Friday, 19 March 2010

100,000 Visits - Now It's Your Turn

Dear Constant Reader,

Today, just over a year since this Blog went live, I have reached the 100,000 mark! 100,000 visits to my blog. I accept that most of the hits are from Mrs RRD, but still, that's a whole heap of people who now know about BASICS, who previously had never heard of us. I look at the map of where visits have come from, and I am astounded at the interest from so many different countries.

My life has changed so much, as a result of this blog. I have found an outlet, a way of expressing myself, that I never had before. I have joined and become part of a community, the blogging world, and been accepted by it. I have "met" and made new friends. I have a new name, and so have my wife and children.

There was always a purpose in writing this blog - to raise the profile of BASICS-London, and try and get as many people as possible to be aware of who we are and what we do. But now we move into Stage Two, and this is where you come in.

BASICS-London is a charity. It costs a lot of money to put a doctor on the street, and every penny comes from donations. The doctors themselves get no payment for the work they do, and pay for the extra fuel, insurance and wear-and-tear on the vehicle out of their own pockets.
Each doctor needs blue light driver training (£1000), modifications to their car (£1500), personal protective equipment for themselves (£1200) and the necessary medical equipment to save lives (over £10,000). All of the doctors currently on the road have the first 2, most cadge some form of protective equipment, and few have all the necessary equipment needed. There are currently 15 active doctors in London and the surrounding regions. Many more are standing in the wings, waiting to be trained and equipped.

You may have noticed a new button on the top right of this Website, entitled "Donate". Press it. Give something, anything. There are about 250 visits per day. If every one of those visits paid £2, then, in 2 days we would be able to get another doctor trained on blue lights. In a week, I could have him equipped and ready to go. If you pay more, it will happen sooner.

This is a legitimate request. We are a Registered Charity (look us up on the Charities Commission website -, Number 1002819). Your payment is securely sent direct to the Charity's bank - I will have no individual access to any funds coming in. I will keep you informed of how much is being raised.

For my part, please watch this space, as I will be telling you about some exciting ways in which I will be trying to raise some more money for BASICS-London.

Thank you



  1. Sorry, can't donate as I live in Scotland and we have had BASICS for some time - they would beat me over the head with a portable ventilator if I donated to a London(English) based charity. Keep up the good work, but I still think you need to slow down and not answer calls on your annual leave.

  2. Wow! Thank you to all of you who have ALREADY hit that donate button. Every donation, large or small, will go towards helping the victims of trauma or serious illness. GrumpyRN, I wouldn't want you to get hit over the head, but this isn't just for Londoners. I have already had a donation from Australia, and I'm not going there on a Shout - "Erm, thank you control, I'll just book my flights, and be there day after tomorrow!"

    Keep it coming!!

  3. Linking now. congrats on 100,000 and good luck on getting everyone what they need!
    You certainly are a positive voice in support of the BASICS program.
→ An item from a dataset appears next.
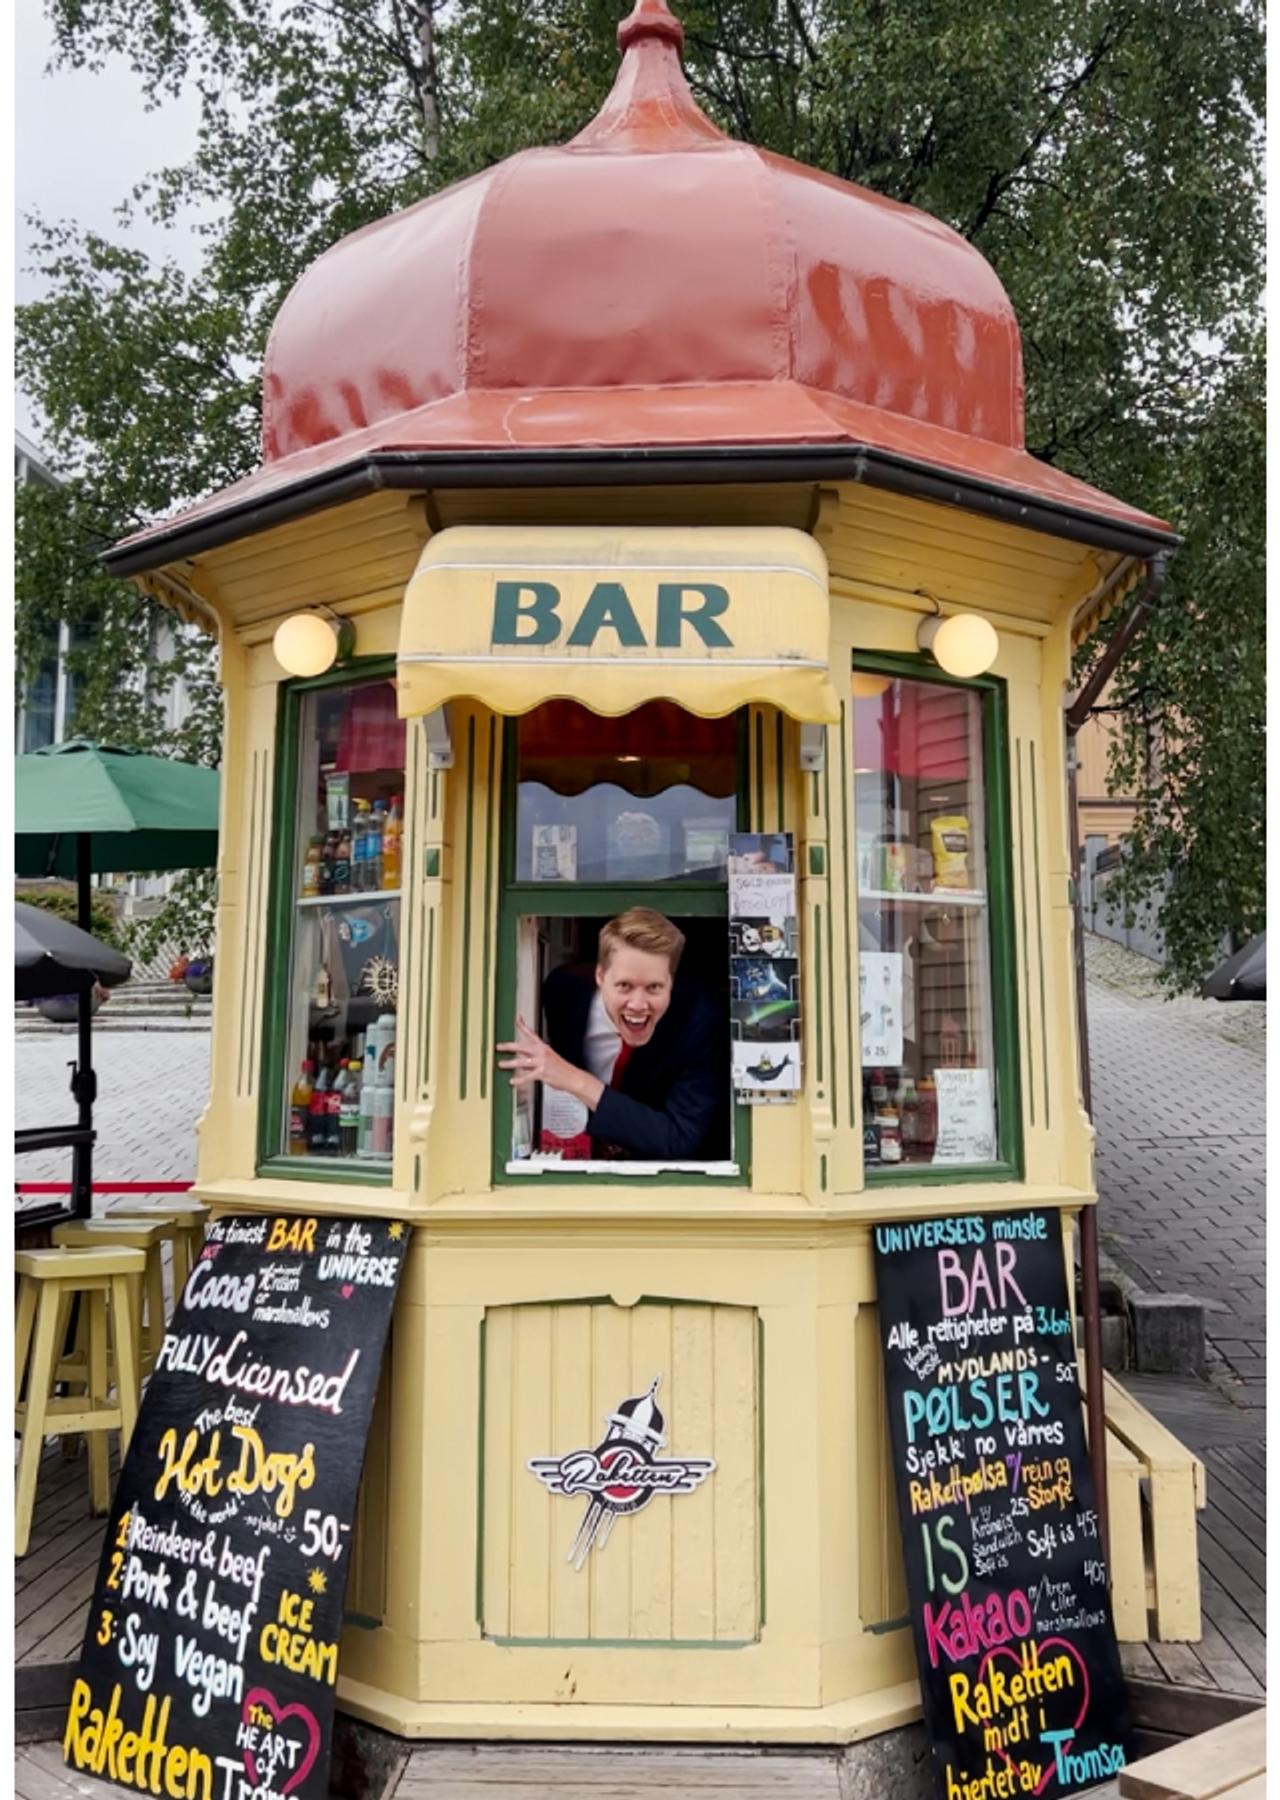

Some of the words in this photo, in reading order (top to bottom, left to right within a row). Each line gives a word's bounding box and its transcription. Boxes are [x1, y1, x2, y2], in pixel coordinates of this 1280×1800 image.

  4. I did my part to publicize BASICS-London here Hey UK Readers. I'm in California but I know I have some UK readers.

  5. Thank you very much for the plug, Liz!!

  6. Hello, I am a foreigner, an Eastern-European and I read your blog regulary with great joy. All the stories are just amazing and I have already told many people about it. So, congratulations Doc and please do keep up the good job! I will also be happy to donate a few pounds to help BASICS running, however I am a bit surprised that NHS does not support it and doc have to volunteer. Even in my country there are specialist doctors (oxyologists,intensive therapists) who only work on ambulances full-time. Why do you think this is? Obviously there is great need to have that service here as well!! Thank you RRD!
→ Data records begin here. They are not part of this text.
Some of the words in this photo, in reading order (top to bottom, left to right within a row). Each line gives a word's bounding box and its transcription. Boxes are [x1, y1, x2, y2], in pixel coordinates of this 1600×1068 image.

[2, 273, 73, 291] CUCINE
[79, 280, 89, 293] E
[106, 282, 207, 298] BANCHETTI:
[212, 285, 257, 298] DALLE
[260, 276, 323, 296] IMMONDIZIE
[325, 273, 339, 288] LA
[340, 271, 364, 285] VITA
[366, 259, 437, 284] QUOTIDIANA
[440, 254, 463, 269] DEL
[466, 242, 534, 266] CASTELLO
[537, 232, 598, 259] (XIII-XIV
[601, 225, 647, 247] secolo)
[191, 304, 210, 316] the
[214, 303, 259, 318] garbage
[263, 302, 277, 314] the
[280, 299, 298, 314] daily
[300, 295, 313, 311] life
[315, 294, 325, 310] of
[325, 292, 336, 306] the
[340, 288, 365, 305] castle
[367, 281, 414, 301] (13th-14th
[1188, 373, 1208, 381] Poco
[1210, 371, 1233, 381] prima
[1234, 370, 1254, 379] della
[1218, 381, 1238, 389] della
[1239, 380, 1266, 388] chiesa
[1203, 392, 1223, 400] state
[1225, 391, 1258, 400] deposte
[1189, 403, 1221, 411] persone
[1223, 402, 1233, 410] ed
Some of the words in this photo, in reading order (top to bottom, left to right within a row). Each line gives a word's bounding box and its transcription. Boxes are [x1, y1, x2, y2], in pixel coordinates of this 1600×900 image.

  7. A great blog, which I have been following with interest! I had only ever heard about BASICS in passing before, and now know a lot more about them. While not in a position to donate at the moment (what with having very little money) your blog has instead had the effect of really interesting me in the life of the BASICS doctor. As a medical student, who knows where my life will take me, but you may have started off the recruitment of another BASICS volunteer!

  8. This comment has been removed by the author.

  9. You have a great blog RRD and I'm sure it will become a great platform for your fund-raising efforts. I'm going to link this out to my twitter followers. I wish your program all the best.

  10. I donated ten pounds. I don't know how much that is in the UK. Suppose I'll have to wait for my statement to find out if I'm a cheapskate or a philanthropist.

    Congratulations on 100,000!

  11. How do you feel about nurses working in pre-hospital care? I have been an ED senior nurse in the past, am old enough to have undertaken the ATNC (adavanced trauma nursing course) - which involved passing the medics ATLS. I have passed the PHEC and am an APLS and ALS instructor and currently working in primry care. However my local Basics scheme - Suffolk Accident Rescue Service, will not consider me joining them.